To do: Nothing but the pictures may be dropped; the rest of the listing is to be written out exactly.

Records for this exercise:
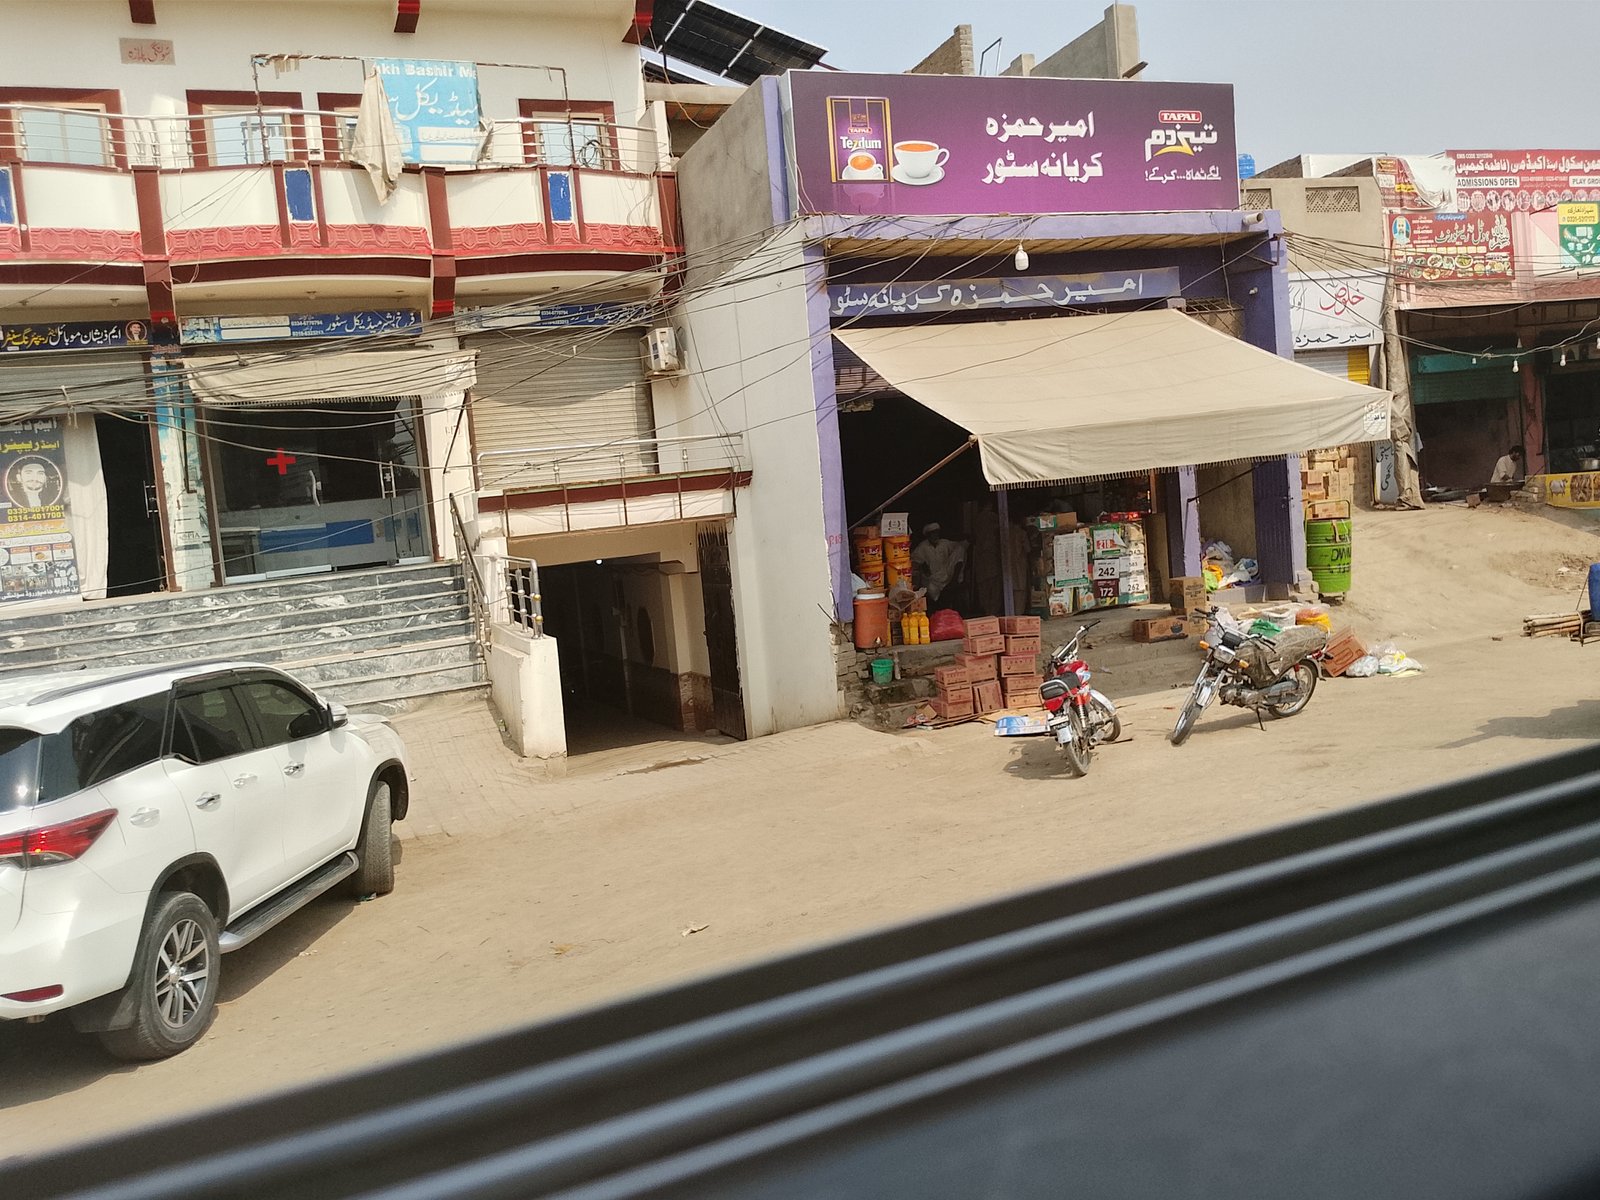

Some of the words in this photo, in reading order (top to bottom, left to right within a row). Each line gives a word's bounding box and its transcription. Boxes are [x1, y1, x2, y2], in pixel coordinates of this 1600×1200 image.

[405, 64, 453, 77] Bashir
[1161, 112, 1200, 121] TAPAL
[985, 113, 1044, 143] حمزہ
[1044, 111, 1095, 143] امیر
[840, 136, 882, 152] Tezdum
[981, 149, 1039, 184] سٹور
[1040, 152, 1104, 184] کریانہ
[1457, 178, 1497, 187] ADMISSIONS
[1500, 177, 1518, 186] OPEN
[951, 283, 1055, 309] حمزہ
[1055, 272, 1144, 306] امیر
[868, 284, 951, 312] کریانہ
[325, 315, 347, 331] سٹور
[344, 312, 383, 333] میڈیکل
[49, 324, 80, 346] موبائل
[80, 328, 108, 344] ذیشان
[108, 325, 121, 345] ایم
[1295, 333, 1339, 347] حمزہ
[1339, 329, 1375, 344] امیر
[7, 511, 65, 522] 0314-4017001
[1098, 567, 1115, 577] 242
[1100, 588, 1114, 597] 172
[1127, 584, 1140, 592] 262

Solution to the problem:
Some of the words in this photo, in reading order (top to bottom, left to right within a row). Each line gives a word's bounding box and its transcription. Boxes are [x1, y1, x2, y2], in pixel coordinates of this 1600×1200 image.

[405, 64, 453, 77] Bashir
[1161, 112, 1200, 121] TAPAL
[985, 113, 1044, 143] حمزہ
[1044, 111, 1095, 143] امیر
[840, 136, 882, 152] Tezdum
[981, 149, 1039, 184] سٹور
[1040, 152, 1104, 184] کریانہ
[1457, 178, 1497, 187] ADMISSIONS
[1500, 177, 1518, 186] OPEN
[951, 283, 1055, 309] حمزہ
[1055, 272, 1144, 306] امیر
[868, 284, 951, 312] کریانہ
[325, 315, 347, 331] سٹور
[344, 312, 383, 333] میڈیکل
[49, 324, 80, 346] موبائل
[80, 328, 108, 344] ذیشان
[108, 325, 121, 345] ایم
[1295, 333, 1339, 347] حمزہ
[1339, 329, 1375, 344] امیر
[7, 511, 65, 522] 0314-4017001
[1098, 567, 1115, 577] 242
[1100, 588, 1114, 597] 172
[1127, 584, 1140, 592] 262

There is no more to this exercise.